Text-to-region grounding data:
○ ○ ○ ○ ○ ○ ○

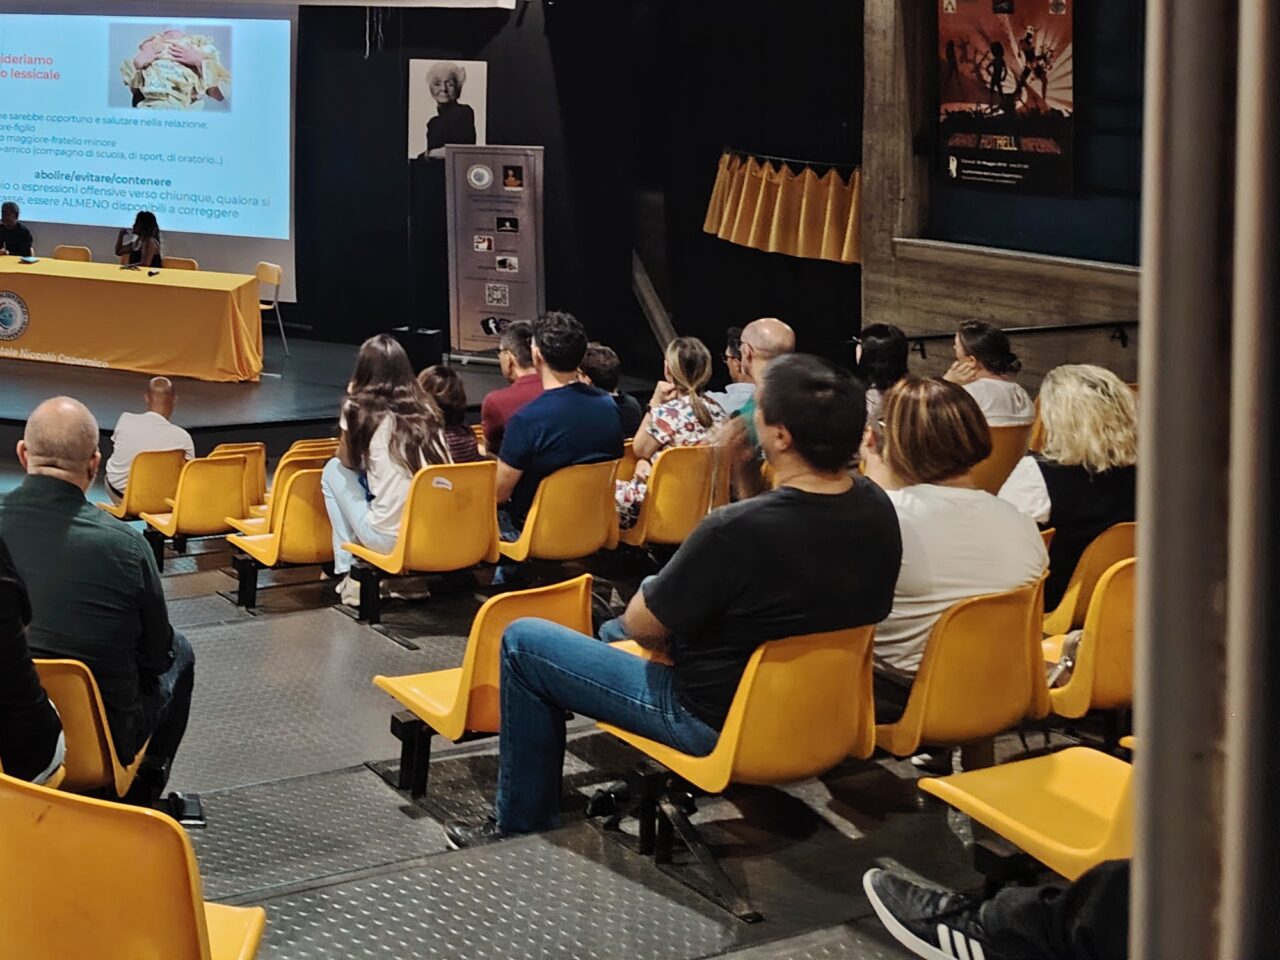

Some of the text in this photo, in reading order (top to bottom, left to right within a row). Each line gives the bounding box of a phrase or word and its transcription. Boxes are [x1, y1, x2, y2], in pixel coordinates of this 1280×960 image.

[10, 68, 61, 80] lessicale
[9, 111, 44, 121] sarebbe
[46, 114, 93, 125] opportuno
[102, 116, 138, 126] salutare
[140, 117, 162, 127] nella
[6, 135, 82, 146] maggiore-fratello
[83, 138, 116, 147] minore
[34, 170, 172, 187] abolire/evitare/contenere
[22, 182, 79, 194] espressioni
[80, 185, 126, 197] offensive
[128, 189, 157, 199] verso
[216, 194, 259, 207] qualora
[28, 196, 60, 206] essere
[62, 196, 109, 210] ALMENO
[177, 207, 239, 219] correggere

○ ○ ○ ○ ○ ○ ○

What you are asked to do → Send back the data above word for word, with the pictures left out.

Solution for this exercise →
Some of the text in this photo, in reading order (top to bottom, left to right within a row). Each line gives the bounding box of a phrase or word and its transcription. Boxes are [x1, y1, x2, y2], in pixel coordinates of this 1280×960 image.

[10, 68, 61, 80] lessicale
[9, 111, 44, 121] sarebbe
[46, 114, 93, 125] opportuno
[102, 116, 138, 126] salutare
[140, 117, 162, 127] nella
[6, 135, 82, 146] maggiore-fratello
[83, 138, 116, 147] minore
[34, 170, 172, 187] abolire/evitare/contenere
[22, 182, 79, 194] espressioni
[80, 185, 126, 197] offensive
[128, 189, 157, 199] verso
[216, 194, 259, 207] qualora
[28, 196, 60, 206] essere
[62, 196, 109, 210] ALMENO
[177, 207, 239, 219] correggere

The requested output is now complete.